WHAT YOU NEED TO DO: An exact restatement of the data is required, with the images omitted.

INFORMATION PROVIDED:
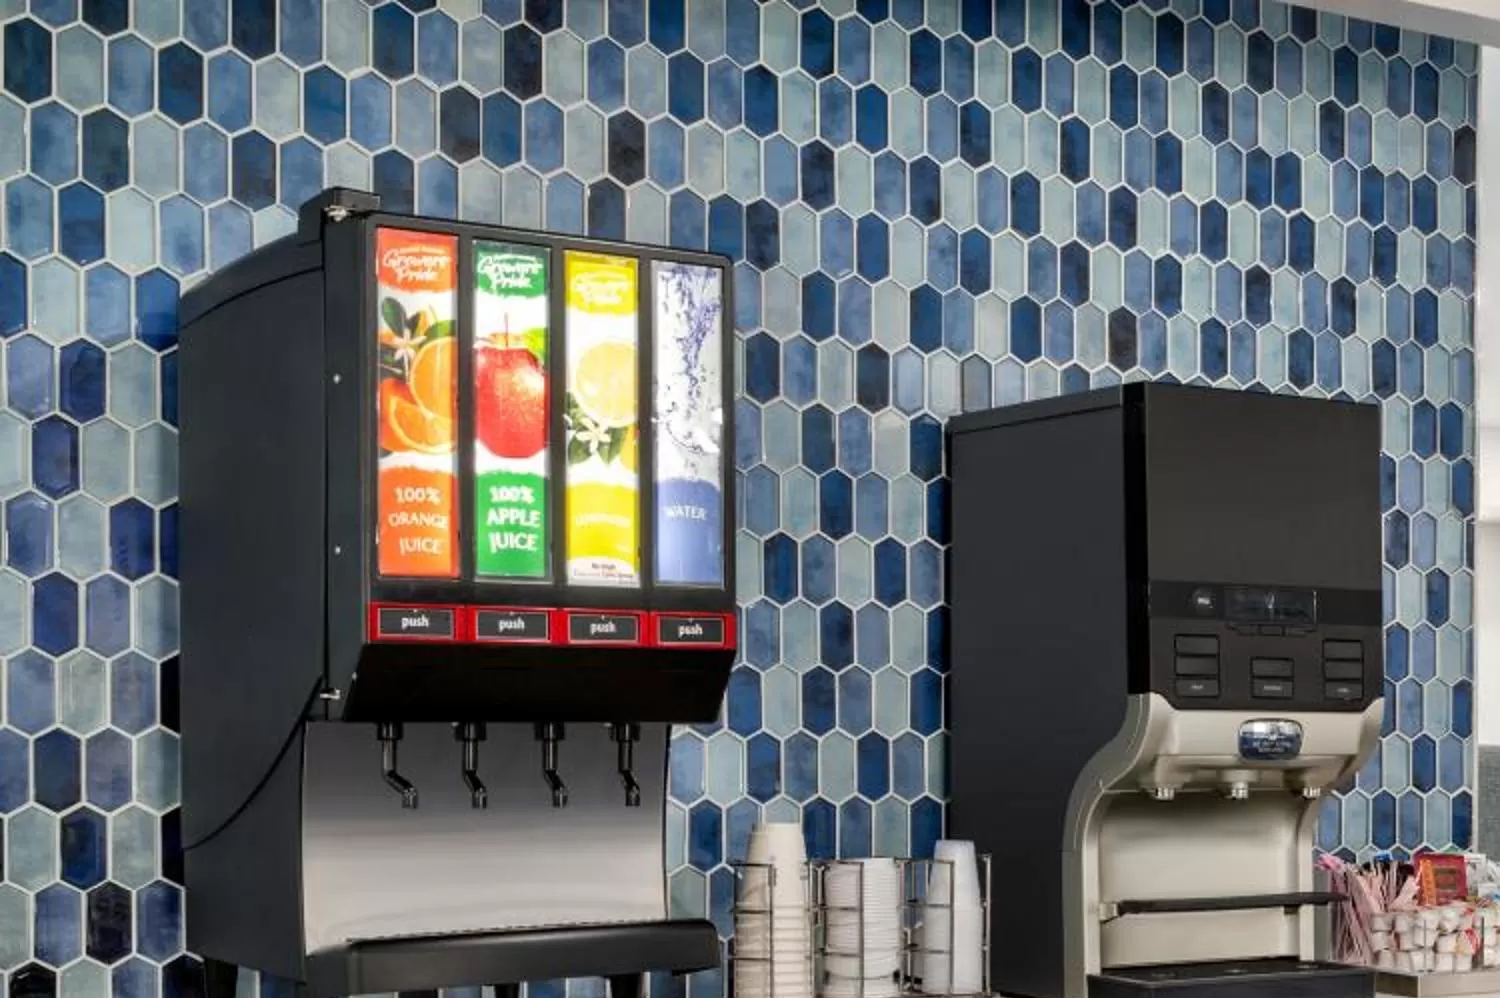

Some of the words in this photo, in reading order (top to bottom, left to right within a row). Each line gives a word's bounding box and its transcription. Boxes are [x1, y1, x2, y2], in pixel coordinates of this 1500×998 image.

[394, 485, 442, 505] 100%
[489, 484, 536, 504] 100%
[387, 511, 449, 529] ORANGE
[486, 507, 541, 528] APPLE
[664, 503, 707, 521] WATER
[399, 535, 442, 556] JUICE
[489, 531, 539, 554] JUICE
[401, 614, 430, 631] push
[498, 617, 526, 633] push
[590, 620, 617, 635] push
[678, 623, 704, 638] push

ANSWER SPACE:
Some of the words in this photo, in reading order (top to bottom, left to right within a row). Each line gives a word's bounding box and its transcription. Boxes are [x1, y1, x2, y2], in pixel coordinates of this 1500×998 image.

[394, 485, 442, 505] 100%
[489, 484, 536, 504] 100%
[387, 511, 449, 529] ORANGE
[486, 507, 541, 528] APPLE
[664, 503, 707, 521] WATER
[399, 535, 442, 556] JUICE
[489, 531, 539, 554] JUICE
[401, 614, 430, 631] push
[498, 617, 526, 633] push
[590, 620, 617, 635] push
[678, 623, 704, 638] push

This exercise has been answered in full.